Galliani punge l’Inter citando Calciopoli: “In Italia unico caso in cui il terzo è diventato primo”
Galliani punge l’Inter e rivive Calciopoli: “In Italia il terzo diventa primo”
Adriano Galliani non le manda a dire. Dall’evento di Solomeo, in occasione della presentazione della lista dei cento candidati all’European Golden Boy, il premio riservato ai migliori Under 21 d’Europa, l’ex amministratore delegato di Milan e Monza ha lanciato una frecciata all’Inter e rivisitato la questione Calciopoli.
“L’Italia è l’unico caso al mondo in cui il terzo diventa primo. In cielo gli ultimi diventano primi, sulla terra i terzi diventano primi. Capello aveva vinto due scudetti sul campo con la Juventus”, ha dichiarato Galliani, davanti a Fabio Capello, creando immediatamente scalpore tra i presenti.
Il terzo diventato primo: un affondo senza filtri
Il riferimento alla vicenda del 2006 è chiaro. Galliani ha sottolineato come l’episodio di Calciopoli rimanga unico nel panorama calcistico mondiale, un caso in cui le regole del campo sono state sovvertite dai tribunali sportivi. La frase, pungente e diretta, è destinata a far discutere e già alimenta il dibattito tra tifosi e addetti ai lavori.
“Capello aveva vinto due scudetti sul campo con la Juventus”, ha ricordato, rafforzando il concetto che i risultati sportivi genuini vengono spesso messi in discussione da fattori esterni.
La crisi del calcio italiano: fatturati e infrastrutture come chiave
Ma Galliani non si è fermato alla polemica. Durante il panel, ha parlato anche della crisi economica e sportiva del calcio italiano.
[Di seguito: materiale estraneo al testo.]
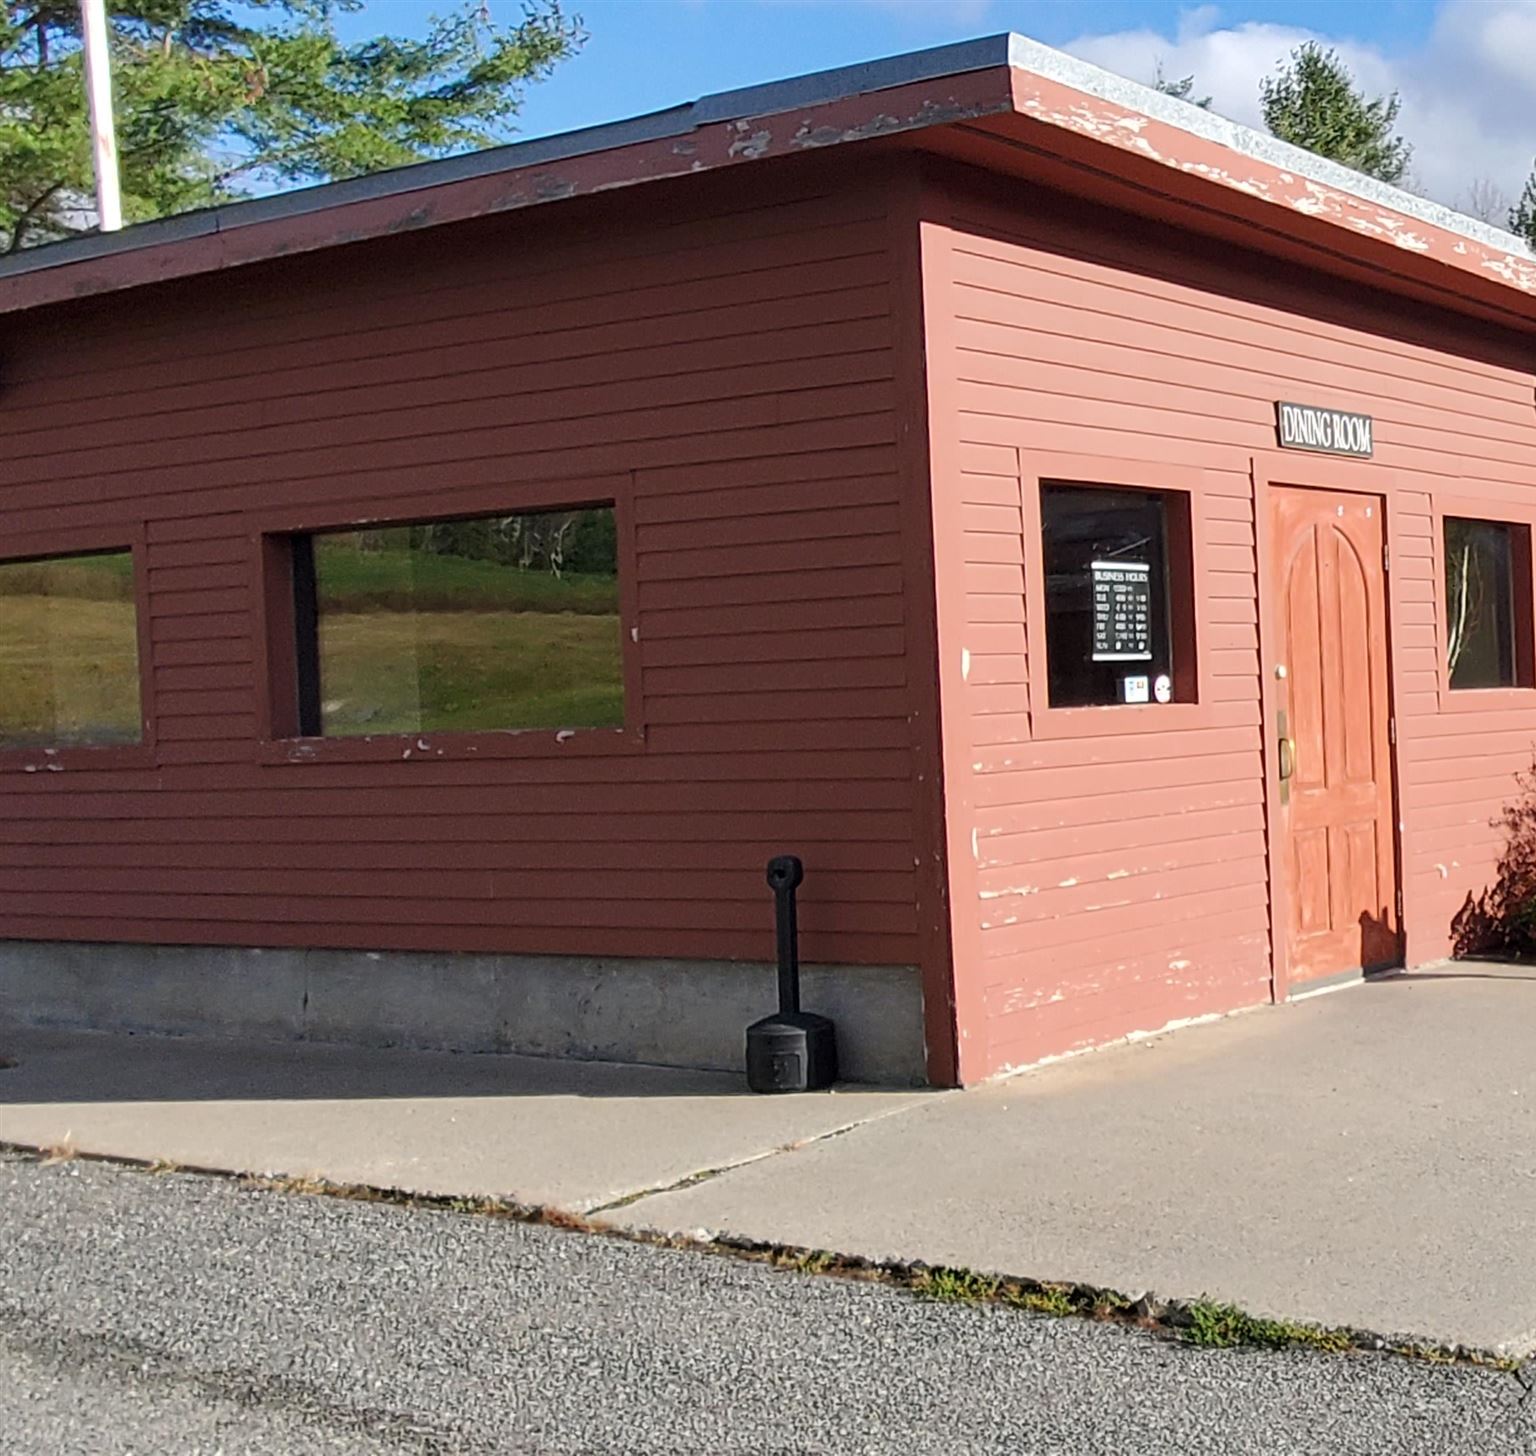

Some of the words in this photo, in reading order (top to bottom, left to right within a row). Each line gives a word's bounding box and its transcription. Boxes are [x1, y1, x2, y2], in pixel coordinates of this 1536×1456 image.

“Sono cambiati i fatturati. Quelle che hanno vinto la Champions negli ultimi anni hanno tutte il doppio dei fatturati delle big italiane. Per incrementare i ricavi abbiamo bisogno degli stadi e di infrastrutture sportive. Un impianto bello aiuta anche a far vendere i diritti televisivi”, ha spiegato.
Secondo Galliani, il problema non è solo tecnico o tattico, ma strutturale: gli stadi italiani spesso non generano entrate sufficienti e le squadre italiane non possono competere sul mercato internazionale come una volta.
Perché prima vincevamo e ora no?
L’ex dirigente del Milan e Monza ha puntato il dito anche sulla qualità dei giocatori:
“Una volta avevamo i migliori giocatori. L’ultimo a vincere il Pallone d’Oro giocando in Italia è Kaká, nel 2007.”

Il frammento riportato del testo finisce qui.